In the bottom one third of the painting, Rhone town at midnight is peaceful in blue. The clearest part we can see at this town is the church and its bell tower. Although the church only consists of simple sketches, it seems to be the most complicated fragment in the painting. The bell tower points up to the sky and draws attention of the viewers to the spirals once again. Secondly, the next painting I would like to mention is “The Empire of Light ii” (1950) of Rene Magritte. Its dimensions are of 78. 8 x 99. 1 cm. Magritte wants to demonstrate a nocturnal scene under a daytime sky.
When I first saw the painting, the initial thought that came through my mind was to admire the peaceful scenery of an ordinary small town. Then I noticed the paradox in the painting. The upper half of the painting is the light blue sky of a peaceful day with floating white clouds. However, the bottom half is a small town at midnight. Houses and trees are all covered with dark hue as if it is late at night. The town looks as if it has already gone to sleep. The thin and precise brush strokes that Magritte adroitly use make the picture look as real as a photo. The closer and longer I look at the painting, the more confused I become.

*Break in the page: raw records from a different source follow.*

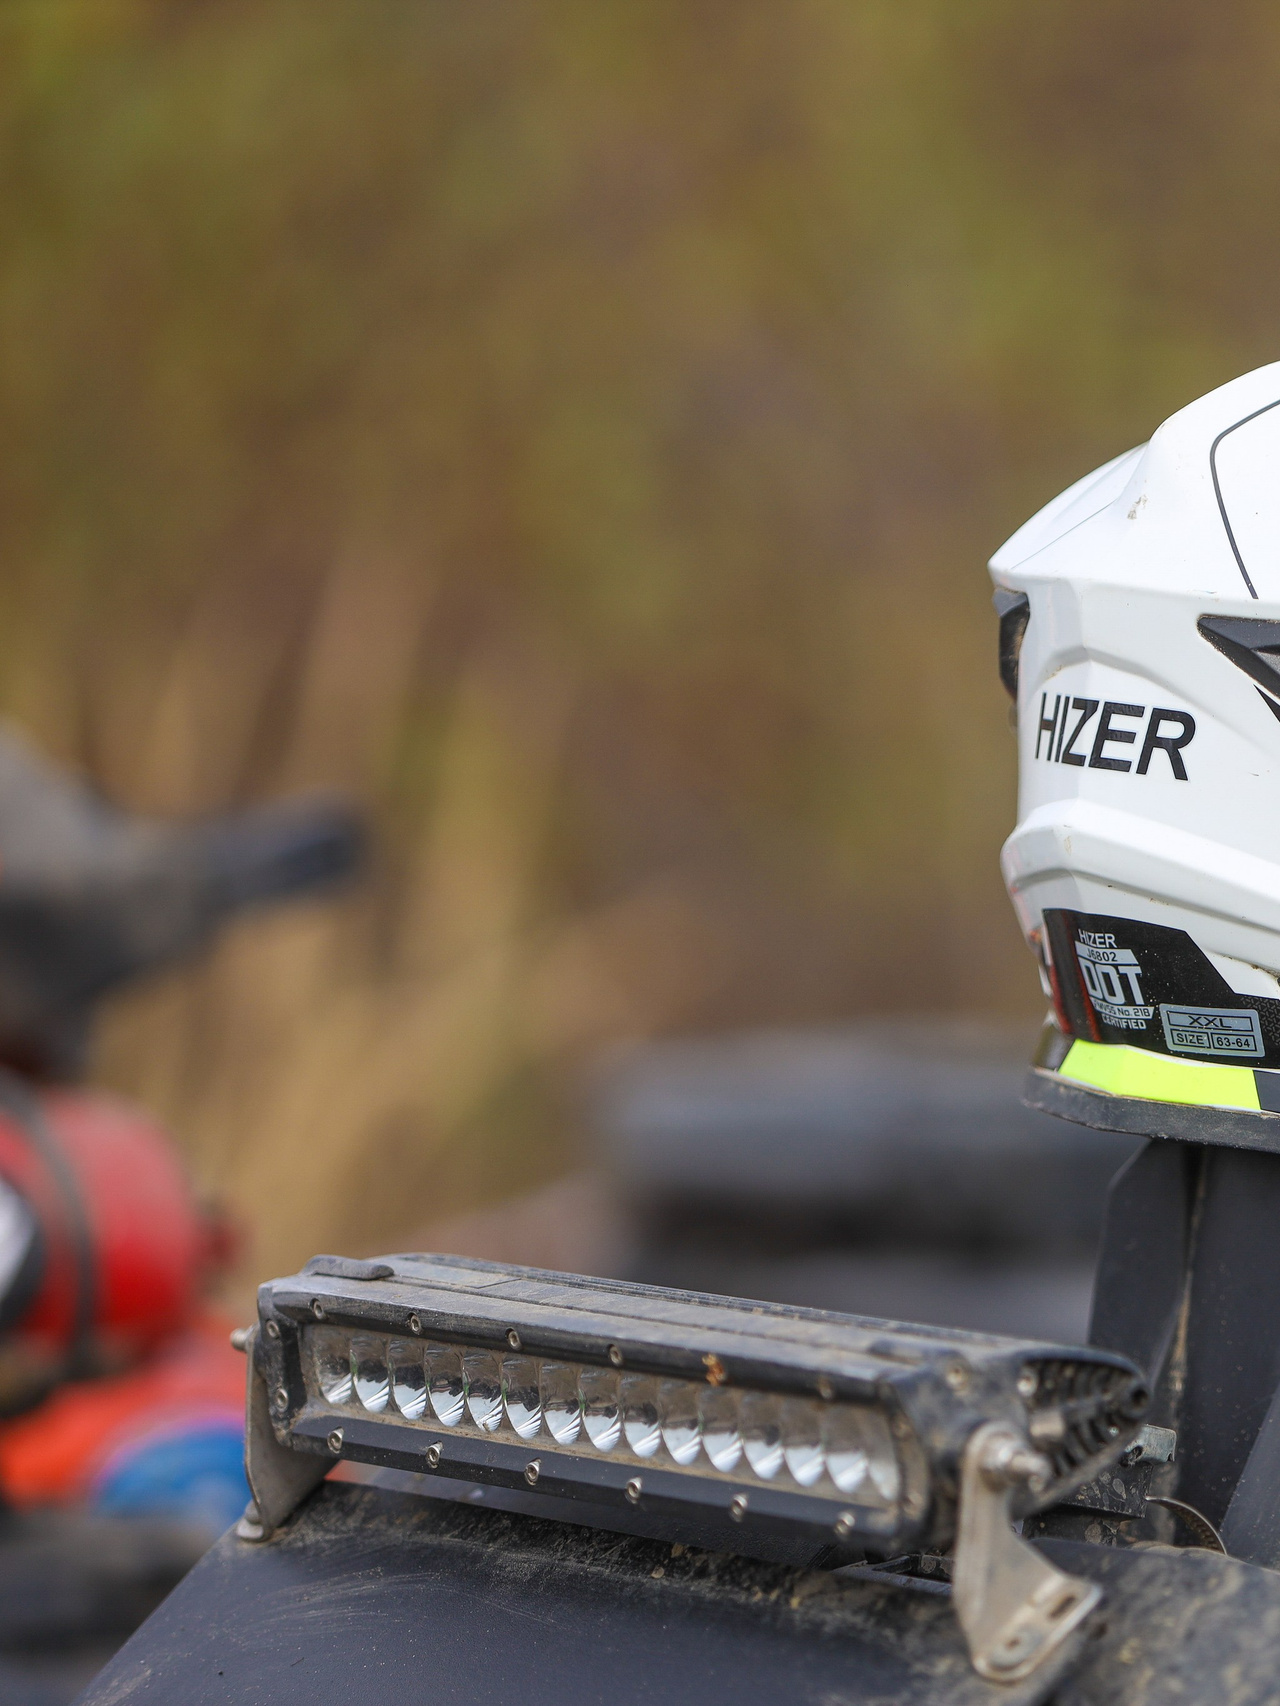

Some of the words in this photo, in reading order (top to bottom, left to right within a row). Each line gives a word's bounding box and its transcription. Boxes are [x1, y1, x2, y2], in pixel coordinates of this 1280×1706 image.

[1034, 691, 1197, 782] HIZER
[1078, 928, 1118, 949] HIZER
[1087, 947, 1118, 962] J6802
[1078, 956, 1145, 1006] DOT
[1133, 1008, 1151, 1017] 218
[1101, 1014, 1147, 1030] CERTIFIED
[1188, 1015, 1232, 1028] XXL
[1176, 1033, 1205, 1045] SIZE
[1216, 1036, 1251, 1048] 63-64

The serenity of the deep-sleeping town, which is dimly lit by the antique street light, along with the floating clouds, makes me feel so calm and peaceful that I am persuaded into its reality. However, I am still able to notice the contrast between day and night in two halves of the painting. This confusion is the result of the eyes tricked to believe in what we see. The placement of day and night remarkably reminds us about our conscious mind that we use in everyday life, and about our lit unconscious mind that waits for us to use it to brighten our senses.
This painting conceals Magritte’s psyche that “The mind loves the unknown. It loves images whose meaning is unknown, since the meaning of the mind itself is unknown. ” On the one hand, there are similarities between two paintings that I notice. Firstly, both painters use oil on canvas for the paintings. They also have the approximate dimensions of about 70cmx95cm. Secondly, mystery is an important fact that makes the two paintings worth seeing. People cannot resist taking a look at the spirals and following the moving effect of the whole picture when seeing “The Starry Night. The spirals themselves are mysterious since they are echoed the movement of ocean waves. Similarly, ‘The Empire of Light, ii” makes spectators wonder the reality of a nocturnal scene of a small town under a sunny day. Their minds are tricked to believe in the true-to-life scene as well as to question the paradox. In addition, luminosity is created successfully in two paintings. In “The Starry Night”, the moon and the stars illuminate the sky as stars and moon are in concentric circles and contrary to the dark blue sky surrounding.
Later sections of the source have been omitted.